* [Instructions for the task]: Each entry should be given again exactly, with any image left out.

(Stored dataset items)
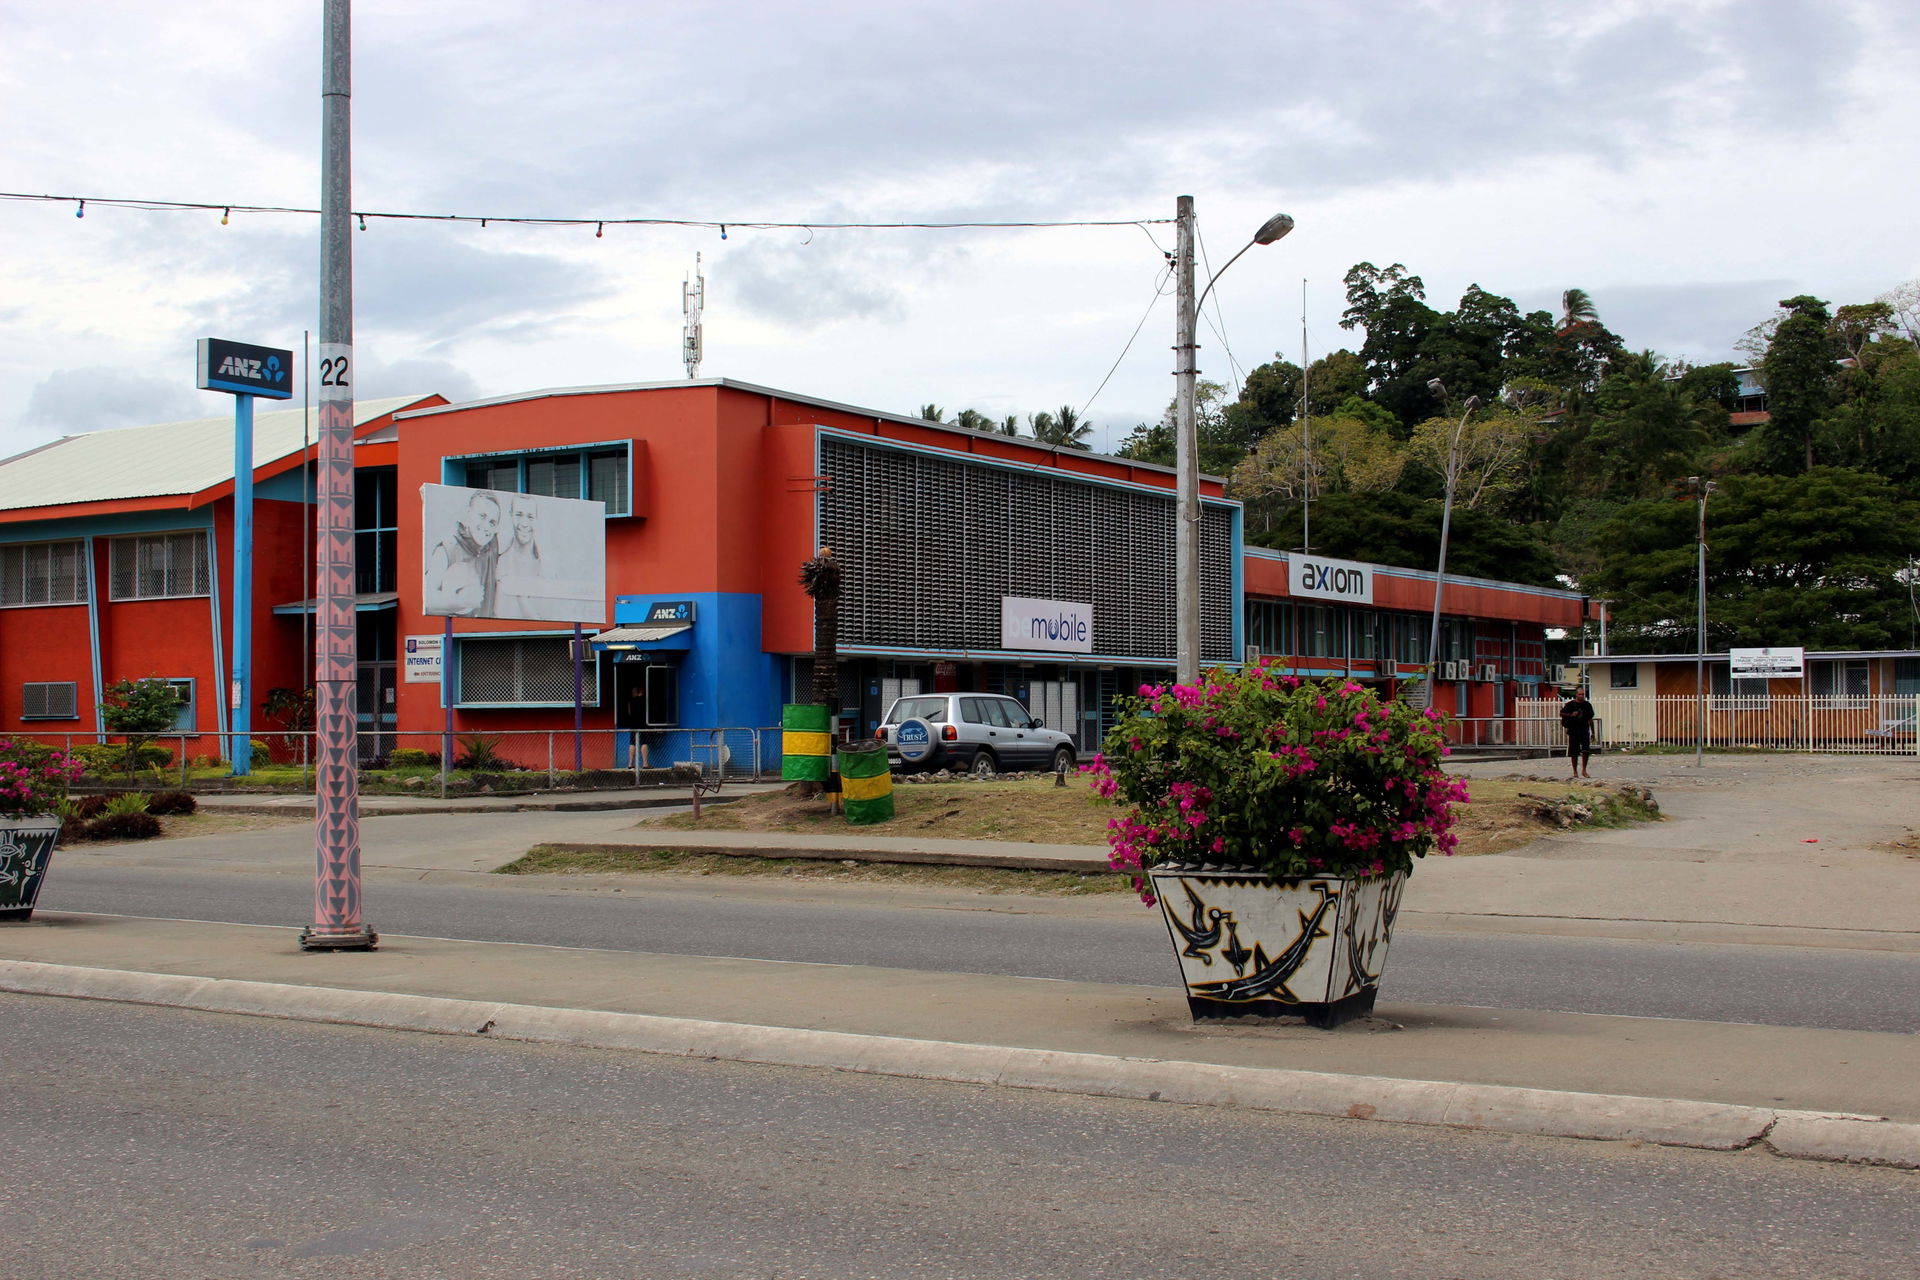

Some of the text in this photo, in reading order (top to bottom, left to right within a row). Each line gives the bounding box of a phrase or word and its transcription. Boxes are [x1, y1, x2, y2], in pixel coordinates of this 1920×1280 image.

[218, 355, 262, 380] ANZ
[320, 355, 349, 387] 22
[1302, 563, 1364, 595] axiom
[653, 608, 676, 619] ANZ
[407, 657, 434, 666] INTERNET
[903, 733, 922, 742] TRUST

* [Written answer]:
Some of the text in this photo, in reading order (top to bottom, left to right within a row). Each line gives the bounding box of a phrase or word and its transcription. Boxes are [x1, y1, x2, y2], in pixel coordinates of this 1920×1280 image.

[218, 355, 262, 380] ANZ
[320, 355, 349, 387] 22
[1302, 563, 1364, 595] axiom
[653, 608, 676, 619] ANZ
[407, 657, 434, 666] INTERNET
[903, 733, 922, 742] TRUST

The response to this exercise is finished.